Paying Dues, Getting Care

It’s a brilliant new idea for a rapidly aging population: a health center serving older adults that offers wraparound care spanning medical, dental, vision and mental health. Add specialties like dementia and end-of-life care. Finally, blanket patients with case management to connect them with important social services like housing, food, and other social programs for nutrition advice and abuse prevention.

New? Sure, in 1976.

The Over 60 Health Clinic in Berkeley was established during the revolutionary heyday of Bay Area politics by the Gray Panthers, an activist group paying homage to the far more radical Black Panthers, whose socialist agenda included better healthcare for the underserved.

Today, the Over 60 Health Center has blossomed into a thriving facility that last year served more than 3,000 patients, nearly half of them African-American.


The Age of Innocence. Life , death and the new world of Aging. For a complete archive of Matt Perry’s columns, click here.

As a young man, Willie Posey, now 73, hung out at the Black Panther Party office across the street from Oakland’s Samuel Merritt University and listened to Huey Newton and Bobby Seale discuss “how we were getting third-class healthcare.”

Today, after a lifetime of impersonal care at county clinics and Kaiser Permanente, Posey says the past nine years at Over 60 has returned his faith.

“We need to be treated as if we’ve paid some dues, and the only place I see that is Over 60,” says Posey reverentially.

Marty Lynch, long-time executive director and CEO of LifeLong Medical Care, which operates Over 60 and five other health centers plus a dental clinic in the East Bay, says Over 60 was ahead of its time.

“There’s a lot of emphasis today on chronic disease management that’s more relevant to the middle age to older adult population,” he says.

In a single day at Over 60, a patient might see a doctor about her diabetes and chronic heart condition, receive mental health counseling, have a cavity filled, and talk to a case manager about housing opportunities or welfare.

“This is a model for what healthcare should be,” says geriatrician Carla Perissinotto. “It’s really looking at the complete older adult.”

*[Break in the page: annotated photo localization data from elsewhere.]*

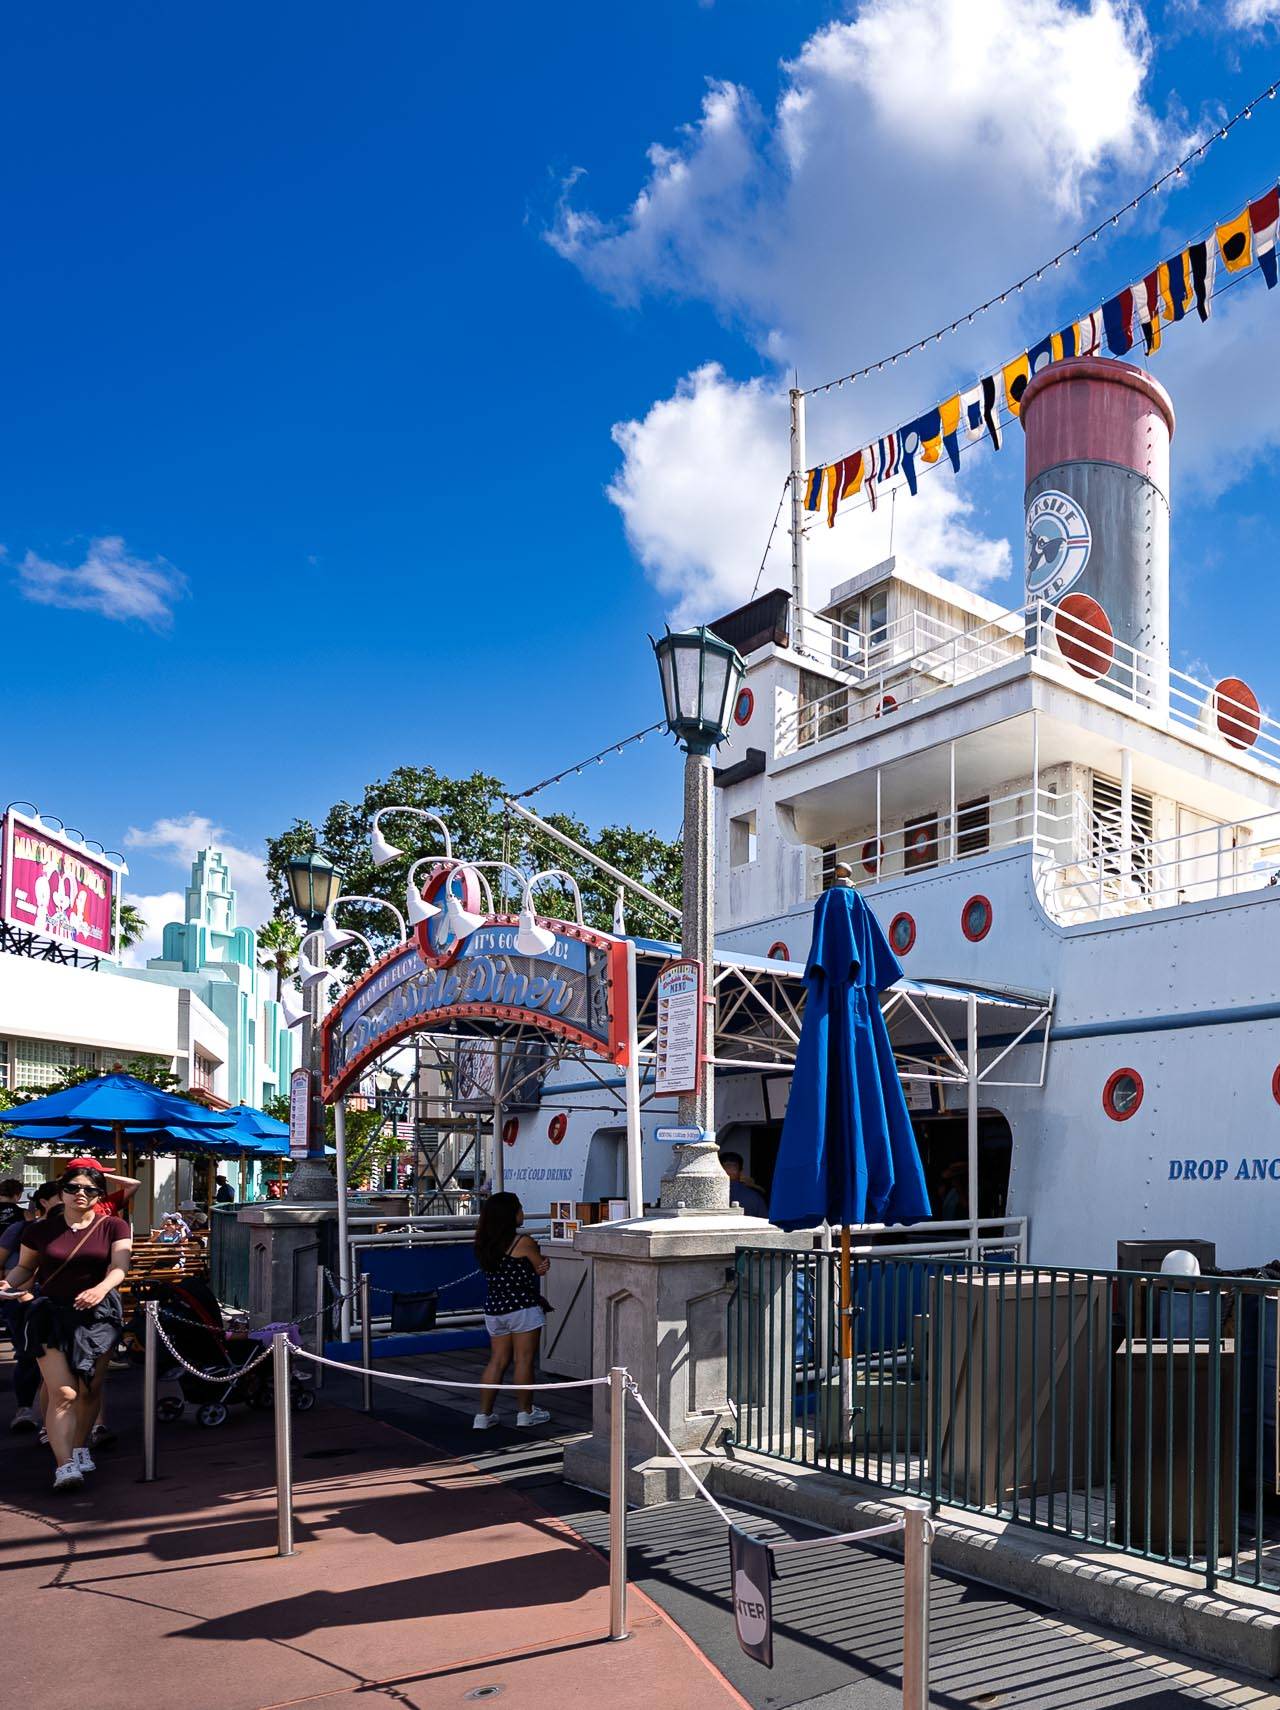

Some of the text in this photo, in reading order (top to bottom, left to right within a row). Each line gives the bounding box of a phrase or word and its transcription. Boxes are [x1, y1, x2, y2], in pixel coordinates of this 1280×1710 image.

[475, 933, 496, 950] IT'S
[462, 955, 574, 1015] Diner
[516, 1168, 528, 1180] ICE
[528, 1168, 546, 1180] COLD
[546, 1168, 573, 1181] DRINKS
[1167, 1159, 1228, 1181] DROP

“Over 60’s the best!” exclaims Arkansas native Johnie Mae Poindexter. “It don’t get no better than that.”

For fragile older adults who often struggle with finances and transportation, one-stop healthcare like this is a godsend.

Nationwide, only a handful of community clinics target older adults, according to the National Association of Community Health Centers.

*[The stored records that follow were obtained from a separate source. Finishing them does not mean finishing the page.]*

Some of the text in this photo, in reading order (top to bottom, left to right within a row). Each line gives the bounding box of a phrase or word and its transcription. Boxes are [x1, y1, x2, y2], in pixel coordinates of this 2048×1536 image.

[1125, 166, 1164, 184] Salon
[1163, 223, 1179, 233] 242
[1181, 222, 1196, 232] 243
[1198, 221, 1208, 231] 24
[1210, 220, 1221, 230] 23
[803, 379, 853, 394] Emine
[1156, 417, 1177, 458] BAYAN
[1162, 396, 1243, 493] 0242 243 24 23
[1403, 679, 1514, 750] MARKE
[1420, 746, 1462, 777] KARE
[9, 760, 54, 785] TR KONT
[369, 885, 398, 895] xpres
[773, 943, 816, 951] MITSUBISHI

Yet this movement is expected to gain momentum as most provisions of the Affordable Care Act take effect next year and reward more efficient care.

Poindexter says Over 60 offers that personal touch, especially important listening skills.

“She didn’t have to listen to me but she did,” says Poindexter of one former physician. “And that means a lot when you get older. That’s a healer right there.”

“The doctors here seem dedicated,” says Rose Ellen, 70, who declined to offer her last name in the Over 60 waiting room. “Do you want to hear the negative? Sometimes they’re in a rush a little.”

Staffers say some center workers are overworked and stressed out, especially in social services.

Still, when the health center works – as it often does – the results are impressive.

The only certified geriatrician on staff, Perissinotto chose to practice at Over 60 because it serves a broad spectrum of needs from the physical to emotional.

An assistant clinical professor at the University of California San Francisco, Perissinotto says medical students performing residencies are veering away from profit and speed as career motivators.

“The residents I see coming through are much more thoughtful,” she says.

At times, the Over 60 center falls victim to its own success. Although coordinated care is its critical glue, private health plans and federal programs don’t typically reimburse for time spent by a care coordinator.

And so, like many community services, the health center has faced tough economic times.

In late September, the health center closed one of its two adult day health centers.

In addition, it ended physician visits at Alta Bates Summit Medical Center last October because none could shoulder the additional burden.

Still, two center physicians make regular house calls to 40-50 patients. And the center continues to help house 600 tenants at seven different East Bay housing facilities.

“The people who work here really have a passion for seniors,” says clinic director Dr. Gwendolyn Gill. “If you’re here, you have a heart for working with this population because you enjoy serving and are able to be patient and listen.”

Posey and Poindexter are more than just patients – they both volunteer on committees ranging from food distribution to making the center a better health experience.

“I’ve never felt a ‘we’ like this before in my life,” says Posey.